For collectors, authentic Mata ni Pachedi works by practising Chitara artists come with a particular kind of weight. Each one is a vow, an iconographic programme, and a piece of devotional practice all at once, made by a member of a community whose entire reason for inventing the form was the refusal of access to other forms of worship. To buy one is not to acquire a textile. It is to participate in keeping alive a tradition that has had to make itself, repeatedly, against the grain of the broader institutions around it.

The Cloth as Temple

Return for a moment to the Navratri evening. The Pachedi is hung. The drummer is playing. The bhuva is moving into trance. The goddess, painted in red and black on white cotton by Kiran Chitara or one of his brothers in a workshop in Vasna some weeks earlier, is present in this clearing as completely as she could be in any stone-built temple. The cloth is not symbolic. It is functional. It does what a temple does, because for the community gathered in front of it, a temple has never been available.

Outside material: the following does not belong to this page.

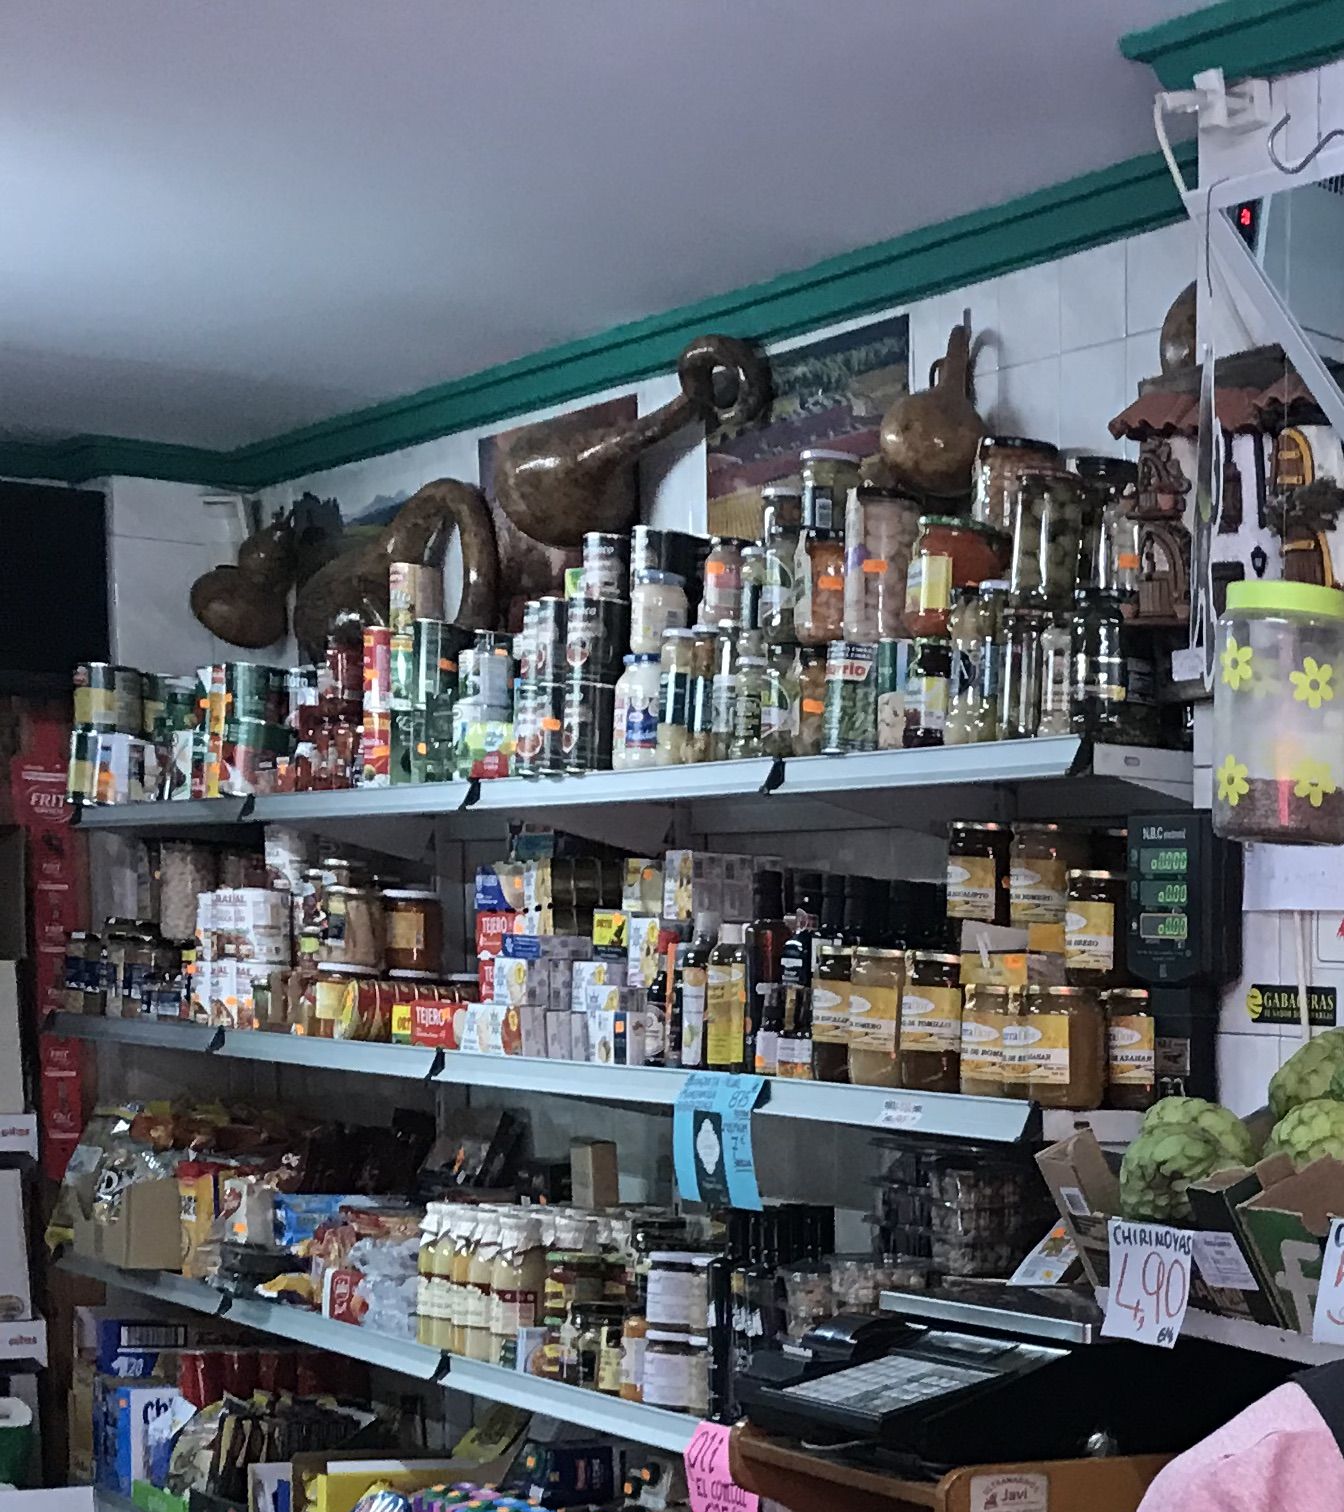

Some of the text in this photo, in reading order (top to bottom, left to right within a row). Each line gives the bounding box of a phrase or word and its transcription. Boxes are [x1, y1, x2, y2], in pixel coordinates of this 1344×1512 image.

That is what every Mata ni Pachedi finally is. Not a piece of decorative textile art, not a folk craft, not a heritage object to be admired at distance, but the physical record of a community's centuries-long refusal to accept that its goddesses could be denied to it. The cloth is a temple. The temple is a vow. The vow is a continuity. And the continuity, against every odds the broader social world has placed in its way, is still being made today, by the same families, with the same kalam pens and the same natural dyes, in the same neighbourhood of Ahmedabad.